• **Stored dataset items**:
▼

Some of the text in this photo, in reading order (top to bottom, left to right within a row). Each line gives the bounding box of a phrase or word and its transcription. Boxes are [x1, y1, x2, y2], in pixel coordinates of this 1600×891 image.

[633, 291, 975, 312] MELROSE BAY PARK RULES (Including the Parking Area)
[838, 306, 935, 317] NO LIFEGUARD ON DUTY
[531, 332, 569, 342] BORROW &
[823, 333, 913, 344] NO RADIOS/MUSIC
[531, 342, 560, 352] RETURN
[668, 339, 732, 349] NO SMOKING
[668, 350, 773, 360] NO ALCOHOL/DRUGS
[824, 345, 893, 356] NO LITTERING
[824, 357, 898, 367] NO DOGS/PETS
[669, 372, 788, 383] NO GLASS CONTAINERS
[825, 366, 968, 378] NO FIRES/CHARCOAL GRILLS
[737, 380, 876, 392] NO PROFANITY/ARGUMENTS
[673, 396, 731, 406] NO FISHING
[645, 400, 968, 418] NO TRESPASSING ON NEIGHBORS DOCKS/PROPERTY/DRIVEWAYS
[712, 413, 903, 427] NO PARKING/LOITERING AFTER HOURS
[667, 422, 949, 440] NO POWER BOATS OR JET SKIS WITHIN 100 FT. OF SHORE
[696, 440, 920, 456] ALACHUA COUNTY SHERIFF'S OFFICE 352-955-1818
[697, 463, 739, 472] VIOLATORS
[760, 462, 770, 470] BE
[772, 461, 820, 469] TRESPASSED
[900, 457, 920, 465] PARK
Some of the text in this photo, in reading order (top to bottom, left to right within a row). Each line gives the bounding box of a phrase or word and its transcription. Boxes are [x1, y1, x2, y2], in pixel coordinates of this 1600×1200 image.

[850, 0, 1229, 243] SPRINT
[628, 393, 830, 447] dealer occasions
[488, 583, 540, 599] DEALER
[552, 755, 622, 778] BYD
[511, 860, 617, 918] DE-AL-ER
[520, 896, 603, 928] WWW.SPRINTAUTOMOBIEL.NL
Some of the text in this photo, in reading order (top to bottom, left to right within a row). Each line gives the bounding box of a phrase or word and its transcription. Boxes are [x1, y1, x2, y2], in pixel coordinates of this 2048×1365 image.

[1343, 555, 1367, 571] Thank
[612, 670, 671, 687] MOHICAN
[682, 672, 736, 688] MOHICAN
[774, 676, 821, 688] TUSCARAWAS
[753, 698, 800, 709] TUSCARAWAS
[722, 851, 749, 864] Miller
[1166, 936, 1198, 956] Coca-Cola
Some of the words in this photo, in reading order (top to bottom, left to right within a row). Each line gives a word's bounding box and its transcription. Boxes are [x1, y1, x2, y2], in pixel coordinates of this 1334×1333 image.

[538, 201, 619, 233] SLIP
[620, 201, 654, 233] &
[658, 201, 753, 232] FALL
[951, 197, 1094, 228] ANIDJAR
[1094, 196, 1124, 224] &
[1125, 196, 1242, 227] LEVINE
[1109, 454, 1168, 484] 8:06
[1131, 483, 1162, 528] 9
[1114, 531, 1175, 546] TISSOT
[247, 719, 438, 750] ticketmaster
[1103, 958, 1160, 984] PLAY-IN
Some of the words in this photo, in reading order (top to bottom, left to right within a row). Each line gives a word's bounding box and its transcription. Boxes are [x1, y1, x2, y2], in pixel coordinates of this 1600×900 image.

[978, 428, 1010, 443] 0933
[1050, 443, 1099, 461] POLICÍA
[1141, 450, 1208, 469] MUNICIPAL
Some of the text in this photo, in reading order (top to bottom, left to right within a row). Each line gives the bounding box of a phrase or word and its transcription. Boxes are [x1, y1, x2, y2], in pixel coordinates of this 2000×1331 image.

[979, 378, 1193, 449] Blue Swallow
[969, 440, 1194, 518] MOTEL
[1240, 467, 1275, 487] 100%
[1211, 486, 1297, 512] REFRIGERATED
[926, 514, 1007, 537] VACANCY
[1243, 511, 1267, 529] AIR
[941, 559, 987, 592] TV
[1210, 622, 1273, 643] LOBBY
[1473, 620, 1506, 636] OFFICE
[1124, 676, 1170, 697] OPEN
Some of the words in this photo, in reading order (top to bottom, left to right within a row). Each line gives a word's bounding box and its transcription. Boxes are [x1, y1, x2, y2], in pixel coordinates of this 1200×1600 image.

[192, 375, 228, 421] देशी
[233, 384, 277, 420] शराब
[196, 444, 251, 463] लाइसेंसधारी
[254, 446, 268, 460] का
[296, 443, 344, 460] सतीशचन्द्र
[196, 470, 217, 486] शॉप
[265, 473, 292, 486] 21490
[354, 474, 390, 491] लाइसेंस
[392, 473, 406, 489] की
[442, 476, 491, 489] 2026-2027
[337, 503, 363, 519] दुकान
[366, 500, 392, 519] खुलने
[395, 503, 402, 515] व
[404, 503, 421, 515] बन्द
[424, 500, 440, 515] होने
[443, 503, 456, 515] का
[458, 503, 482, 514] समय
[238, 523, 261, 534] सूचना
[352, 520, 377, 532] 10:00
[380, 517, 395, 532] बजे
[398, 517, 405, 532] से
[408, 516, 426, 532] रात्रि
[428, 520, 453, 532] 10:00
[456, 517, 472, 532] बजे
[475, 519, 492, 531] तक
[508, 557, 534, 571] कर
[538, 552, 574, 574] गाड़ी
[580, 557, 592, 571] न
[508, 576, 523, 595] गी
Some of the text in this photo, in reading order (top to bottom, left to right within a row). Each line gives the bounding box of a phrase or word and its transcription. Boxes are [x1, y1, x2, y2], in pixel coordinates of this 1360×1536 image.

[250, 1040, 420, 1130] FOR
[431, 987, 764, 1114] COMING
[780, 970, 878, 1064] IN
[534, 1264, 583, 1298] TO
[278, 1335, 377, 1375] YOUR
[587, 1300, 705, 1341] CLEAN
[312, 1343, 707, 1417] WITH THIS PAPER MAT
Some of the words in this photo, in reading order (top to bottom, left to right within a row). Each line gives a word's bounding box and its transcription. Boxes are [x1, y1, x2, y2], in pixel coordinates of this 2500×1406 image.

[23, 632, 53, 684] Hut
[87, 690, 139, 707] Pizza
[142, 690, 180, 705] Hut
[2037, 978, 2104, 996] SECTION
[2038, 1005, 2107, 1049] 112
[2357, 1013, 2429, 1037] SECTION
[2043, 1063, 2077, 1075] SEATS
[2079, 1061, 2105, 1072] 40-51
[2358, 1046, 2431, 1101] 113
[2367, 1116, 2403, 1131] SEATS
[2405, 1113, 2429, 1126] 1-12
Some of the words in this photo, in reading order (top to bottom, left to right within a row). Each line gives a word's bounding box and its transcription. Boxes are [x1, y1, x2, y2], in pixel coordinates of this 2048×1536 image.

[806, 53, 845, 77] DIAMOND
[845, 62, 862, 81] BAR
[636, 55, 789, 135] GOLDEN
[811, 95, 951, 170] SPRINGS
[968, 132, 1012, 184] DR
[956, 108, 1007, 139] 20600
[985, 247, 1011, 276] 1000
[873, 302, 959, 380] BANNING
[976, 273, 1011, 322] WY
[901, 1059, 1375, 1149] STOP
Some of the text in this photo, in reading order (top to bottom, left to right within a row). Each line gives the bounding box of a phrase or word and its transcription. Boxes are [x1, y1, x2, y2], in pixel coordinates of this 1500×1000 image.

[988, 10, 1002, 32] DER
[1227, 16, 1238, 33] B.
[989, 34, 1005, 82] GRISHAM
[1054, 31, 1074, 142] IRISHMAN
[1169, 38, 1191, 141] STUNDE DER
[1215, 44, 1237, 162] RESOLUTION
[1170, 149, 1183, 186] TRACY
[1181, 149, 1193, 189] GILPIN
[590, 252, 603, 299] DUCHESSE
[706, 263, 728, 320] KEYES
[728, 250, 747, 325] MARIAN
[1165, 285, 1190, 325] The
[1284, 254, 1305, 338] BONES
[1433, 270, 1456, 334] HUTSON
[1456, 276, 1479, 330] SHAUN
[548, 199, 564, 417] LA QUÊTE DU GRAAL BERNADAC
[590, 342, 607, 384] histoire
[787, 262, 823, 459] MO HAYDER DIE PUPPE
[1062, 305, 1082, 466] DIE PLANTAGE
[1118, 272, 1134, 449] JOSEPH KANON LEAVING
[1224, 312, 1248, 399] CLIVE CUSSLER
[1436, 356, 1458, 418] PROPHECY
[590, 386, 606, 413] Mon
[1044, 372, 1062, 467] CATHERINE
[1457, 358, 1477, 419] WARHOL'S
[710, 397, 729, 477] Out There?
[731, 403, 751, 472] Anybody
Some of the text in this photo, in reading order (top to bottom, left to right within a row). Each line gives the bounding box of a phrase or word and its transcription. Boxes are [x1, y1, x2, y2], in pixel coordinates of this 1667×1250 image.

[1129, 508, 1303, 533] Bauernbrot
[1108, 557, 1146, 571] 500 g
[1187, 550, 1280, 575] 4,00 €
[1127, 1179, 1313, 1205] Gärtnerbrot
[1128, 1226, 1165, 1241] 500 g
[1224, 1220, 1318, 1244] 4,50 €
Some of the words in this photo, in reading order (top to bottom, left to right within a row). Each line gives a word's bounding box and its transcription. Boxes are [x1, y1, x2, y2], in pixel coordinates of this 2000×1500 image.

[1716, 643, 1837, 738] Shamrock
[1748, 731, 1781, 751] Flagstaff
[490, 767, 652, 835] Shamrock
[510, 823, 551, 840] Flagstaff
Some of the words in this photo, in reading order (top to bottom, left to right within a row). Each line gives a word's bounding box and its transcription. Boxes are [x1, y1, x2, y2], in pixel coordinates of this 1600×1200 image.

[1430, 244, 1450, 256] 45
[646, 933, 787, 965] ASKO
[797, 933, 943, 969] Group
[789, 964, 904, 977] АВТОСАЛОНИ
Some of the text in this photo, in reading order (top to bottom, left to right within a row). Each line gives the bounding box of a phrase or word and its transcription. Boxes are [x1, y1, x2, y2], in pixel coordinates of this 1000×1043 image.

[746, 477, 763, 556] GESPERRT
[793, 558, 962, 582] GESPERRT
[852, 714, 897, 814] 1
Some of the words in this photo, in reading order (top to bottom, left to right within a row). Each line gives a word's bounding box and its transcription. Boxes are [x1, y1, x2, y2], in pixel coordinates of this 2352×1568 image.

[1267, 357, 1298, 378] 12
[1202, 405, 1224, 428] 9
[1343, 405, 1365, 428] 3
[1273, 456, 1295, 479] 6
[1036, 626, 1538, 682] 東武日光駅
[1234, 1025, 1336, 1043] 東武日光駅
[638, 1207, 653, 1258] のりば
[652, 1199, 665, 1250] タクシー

▲

• **Assigned task**:
What must be returned is the line with "this 2352×1568 image." plus every line after it to the end of the entries, exactly as they appear.

• **Solution below**:
Some of the words in this photo, in reading order (top to bottom, left to right within a row). Each line gives a word's bounding box and its transcription. Boxes are [x1, y1, x2, y2], in pixel coordinates of this 2352×1568 image.

[1267, 357, 1298, 378] 12
[1202, 405, 1224, 428] 9
[1343, 405, 1365, 428] 3
[1273, 456, 1295, 479] 6
[1036, 626, 1538, 682] 東武日光駅
[1234, 1025, 1336, 1043] 東武日光駅
[638, 1207, 653, 1258] のりば
[652, 1199, 665, 1250] タクシー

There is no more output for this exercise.